High court paves way for Hlophe suspension and for impeachment process to continue
Hlophe’s legal representative, Thembalihle Sidaki, abandoned Part A of the Western Cape Judge President’s application seeking to stave off suspension and the impeachment process.

There is no impediment to the Judicial Service Commission (JSC) now recommending to President Cyril Ramaphosa that Western Cape Judge President John Hlophe, found guilty by a Judicial Conduct Tribunal of gross misconduct, be suspended.

There is also no stopping the impeachment process set to kick off in the National Assembly. 

This after Hlophe’s legal representative, Thembalihle Sidaki, abandoned Part A of Hlophe’s application in the Gauteng high court seeking to stave off suspension and the impeachment process. 

This now clears the way for Hlophe’s suspension.

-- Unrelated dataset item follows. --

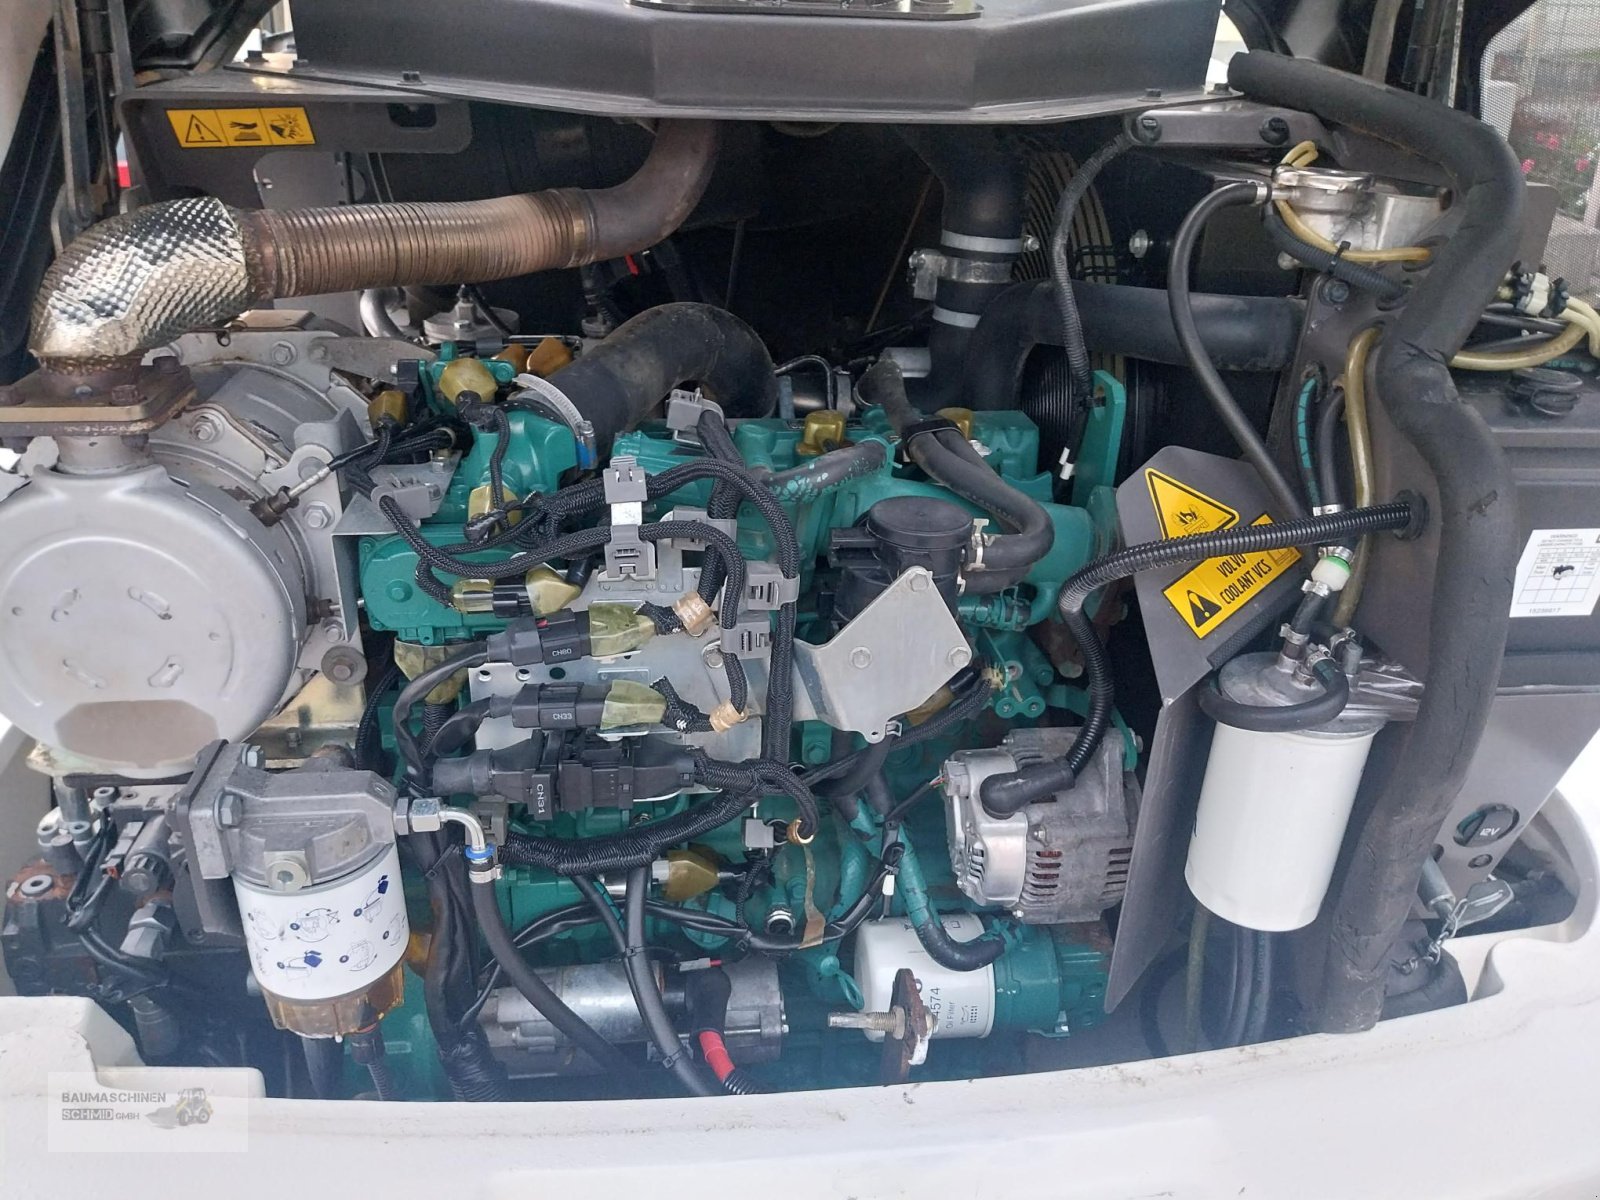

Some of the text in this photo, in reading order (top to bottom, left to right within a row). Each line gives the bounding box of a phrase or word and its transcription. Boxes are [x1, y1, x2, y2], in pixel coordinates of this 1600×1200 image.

[1216, 553, 1247, 578] VOLVO
[1219, 558, 1272, 604] COOLANT VCS
[536, 783, 546, 814] CN31

All that is left is for the JSC to write to the president recommending this.

In proceedings on 22 September, Deputy Judge President Roland Sutherland did not take kindly to comments, made by Hlophe in his over 500-page affidavit filed, that no judge in the Gauteng division should hear his matter as they were “not impartial enough”. 

So much so that Sidaki acknowledged to the court that the content of Hlophe’s letter of attack was “unfortunate”.

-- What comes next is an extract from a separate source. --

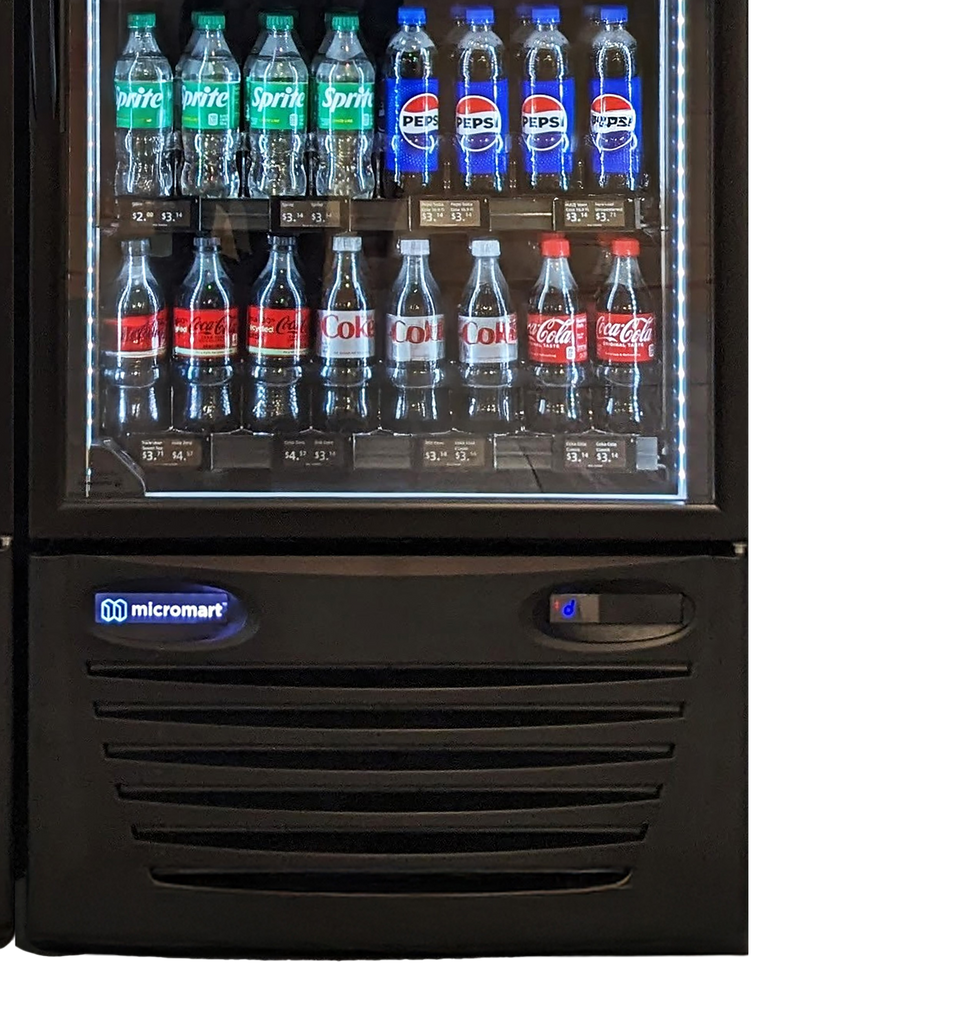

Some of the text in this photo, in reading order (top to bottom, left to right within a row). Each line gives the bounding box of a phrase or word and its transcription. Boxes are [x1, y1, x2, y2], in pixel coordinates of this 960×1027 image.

Hlophe filed the weighty motion on 13 September against the Judicial Service Commission (JSC), the President of South Africa, the Minister of Justice and Correctional Services and the Speaker of the National Assembly.

The Judge President was hoping firstly that the court would regard his application as urgent and also sought to stave off suspension and halt the impeachment.

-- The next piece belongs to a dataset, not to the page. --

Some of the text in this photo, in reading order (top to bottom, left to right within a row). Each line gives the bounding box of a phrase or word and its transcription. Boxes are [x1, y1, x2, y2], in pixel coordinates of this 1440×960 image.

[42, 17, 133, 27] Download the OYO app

With regard to Part B of Hlophe’s argument, that the JSC was not legally constituted when it made its findings in the first place, Sutherland set out a timeline for both parties to file all court documents. The hearing will take place at a later date.

Hlophe’s long walk into what everyone knows is a legal cul-de-sac ended on 25 August when the JSC announced it had decided to uphold an April 2021 report and recommendation of a Judicial Conduct Tribunal that Hlophe face impeachment.

On 8 September parliament’s committee on social justice and correctional services began tightening the procedural legal nuts and bolts of the impeachment vote when it met with government legal advisors who stated clearly that the guilty verdict by the JSC could not be altered and would stand during the impeachment vote process. 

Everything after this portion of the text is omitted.